COURT OF CHANCERY OF NEW JERSEY
Sep 30, 1926
134 A. 619 (Ch. Div. 1926)

Opinion

09-30-1926

EASTERN SASH & DOOR CO. v. MEISTER et al.

Maurice S. Maurer, of Newark, for complainant. Harry T. Davimos, of Newark, for defendants.


(Syllabus by the Court.)

Suit by the Eastern Sash & Door Company against Jos Meister and others. On motion to strike out the bill of complaint. Motion denied.

Maurice S. Maurer, of Newark, for complainant.

Harry T. Davimos, of Newark, for defendants.

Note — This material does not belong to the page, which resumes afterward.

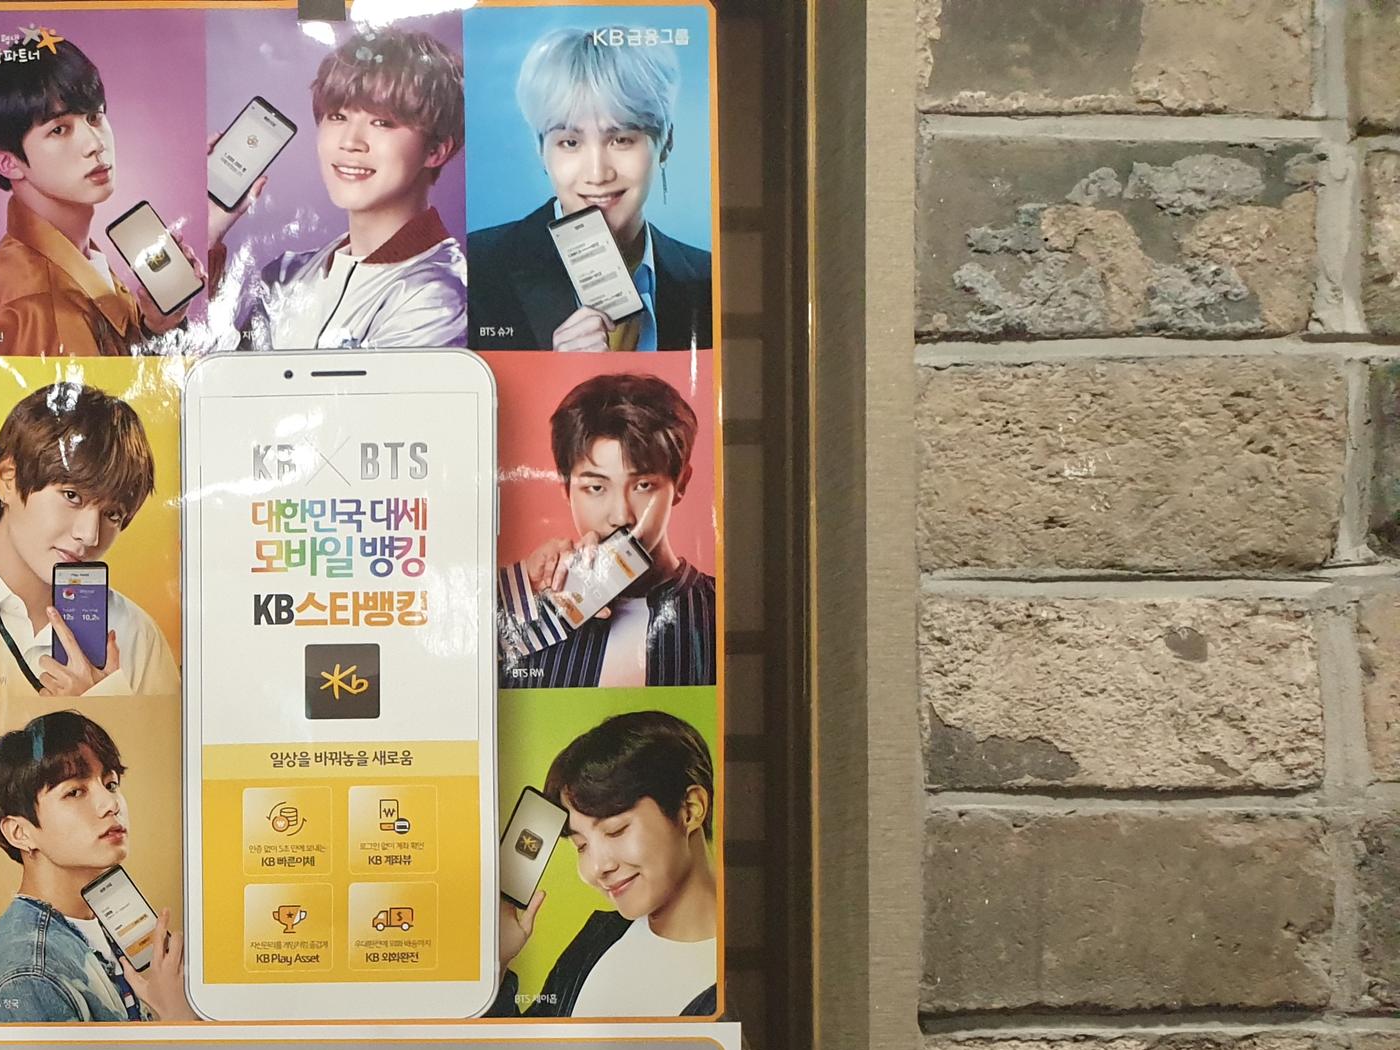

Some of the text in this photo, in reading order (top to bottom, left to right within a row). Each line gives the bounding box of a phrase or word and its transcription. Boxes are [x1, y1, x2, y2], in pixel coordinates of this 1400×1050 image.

BERRY, Vice Chancellor. This bill seeks to set aside as fraudulent a conveyance made by the defendant Joe Meister to the defendant Joseph Cohen, and a conveyance from Joseph Cohen to the defendant Dora Meister. The bill alleges that in November, 1920, the defendant Joe Meister was seized of certain lands described in the bill, and on that date conveyed the same without consideration to Joseph Cohen; that on January 10, 1921, Joseph Cohen conveyed the same property, without consideration, to the defendant Dora Meister; and that this conveyance "was made for the purpose of making Joe Meister judgment proof against Eastern Sash & Door Company, and for the purpose of defrauding the said Eastern Sash & Door Company and any and all other subsequent creditors of the said Meister." The bill alleges business relations between the defendant Jos Meister and the complainant in December, 1924, and the subsequent entry of judgments in 1926 at the suit of complainant against Joe Meister, the issuance of executions on these judgments, and their return unsatisfied. An affidavit submitted on behalf of the defendant on this motion shows that the complainant Eastern Sash & Door Company was incorporated on March 20, 1923.

Complainant insists that the bill is maintainable on authority of Washington National Bank v. Bentty, 77 N. J. Eq. 252, 76 A. 442, 140 Am. St. Rep. 555, and later cases following the leading case cited. Defendant also rests his motion on that decision. The rule of law applicable to fraudulent conveyances, as interpreted by that case, is undoubtedly the law of this state. The facts in the Washington National Bank Case are closely analogous to those in the instant case. There the bank was organized 5 years, and the judgment was obtained 12 years, after the conveyances complained of, but the court held those facts no bar to relief. So here the fact that the complainant corporation was not incorporated until 3 years after the date of the conveyances which are attacked, and judgments obtained 6 years thereafter, would not bar the complainant, from relief, if otherwise within the rule of the leading case. Judge Dill, speaking for the Court of Errors and Appeals in that case, at pages 255, 256 (76 A. 443) said:

"The true rule is that, when a conveyance is attacked by a subsequent creditor, the question to be determined is whether the conveyance was fraudulent. The question is the same when attacked by an existing creditor; the only difference is the method of proof. When an existing creditor attacks the conveyance, and shows that his debt was incurred before and was existing at the time when the conveyance was made, the law, without further proof, raises a conclusive presumption of fraud so far as that creditor is concerned. When, however, the conveyance is attacked by a subsequent creditor, he must prove fraud as a fact; that is, 'an actual fraudulent intent to defraud some creditor. By some creditor is meant any creditor, either existing at the time when the conveyance is made or subsequently. If this be shown, the conveyance is proven to be fraudulent, and it may be set aside at the instance of any class of creditors, without regard to the time when the debt came into existence. * * * It was necessary for the bank, as a subsequent creditor, to prove, first, a voluntary conveyance; second, an existing creditor or other person having a lawful claim or debt within the meaning of the statute; third, an actual intend on the part of the defendant by means of the deed to delay or hinder some creditor, existing or subsequent."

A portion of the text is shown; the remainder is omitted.